What to do in your Northwest garden in January
Photo: Ben Woolsey


As you shop for winter-flowering heaths, don’t overlook the related heathers. Many varieties balance summer blooms with winter foliage in green, chartreuse, yellow, lilac gray, scarlet, and russet.

Plant bare-root berries, grapes, fruit trees, vines, vegetables, and ornamentals as soon as they come into nurseries. They are inexpensive and adapt quickly to unamended native soil.

Scout nurseries for winter-flowering camellias, Viburnum bodnantense, wintersweet (Chimonanthus praecox), and a wide array of witch hazels.


Prune ever-blooming, disease-resistant shrub roses like ‘Knockout’, the Flower Carpet series, and ‘Easy Elegance’ roses for shape.

Because a lopper is just a long-handled pruner, Corona has designed a convertible pruner and lopper with foldout handles. Cuts 1 1/4-inch diameter. $40, coronatoolsusa.com.

Brief winter mild spells usually give rise to galaxies of weed seedlings in empty beds. Demolish them fast with a scuffle hoe, and save yourself hours of hand weeding later.


Assess garden beds and borders now, while many plants are leafless. Note the shape and placement of trees, shrubs and ground covers, and areas that could use improvement. If beds are narrow and straight, plan to make them wide and curved. Check out tall plants to add height in back, medium ones for the middle, and low-growing edgers for the front.

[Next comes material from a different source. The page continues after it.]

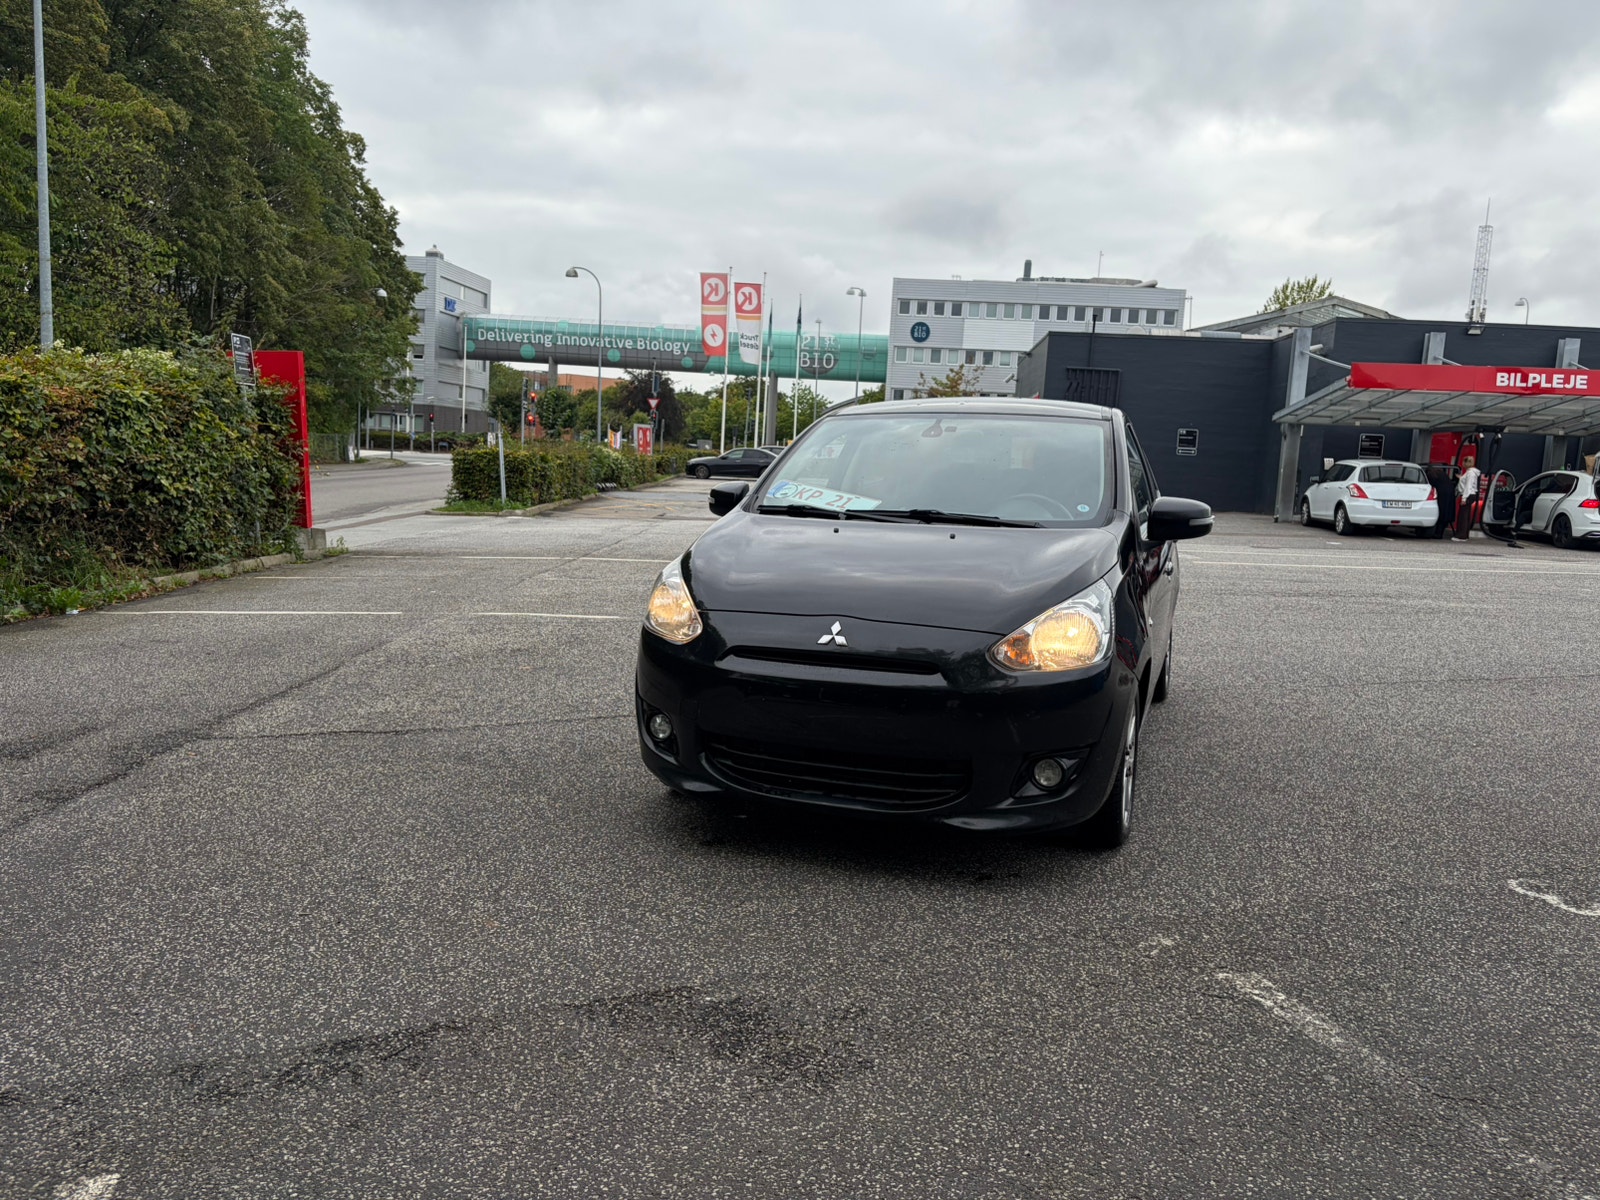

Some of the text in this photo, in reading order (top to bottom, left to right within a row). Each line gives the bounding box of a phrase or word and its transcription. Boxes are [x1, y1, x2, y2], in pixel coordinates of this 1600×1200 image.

Dig out a bark path 5 feet wide and 6 inches deep. Put packed sand on the bottom half and top it with ground bark to give yourself a dry, quiet, all-weather surface.

Space new plants according to their mature sizes—they’ll fill out faster than you might expect. In the meantime, fill the spaces between with annuals. Winter seed catalogs offer endless choices.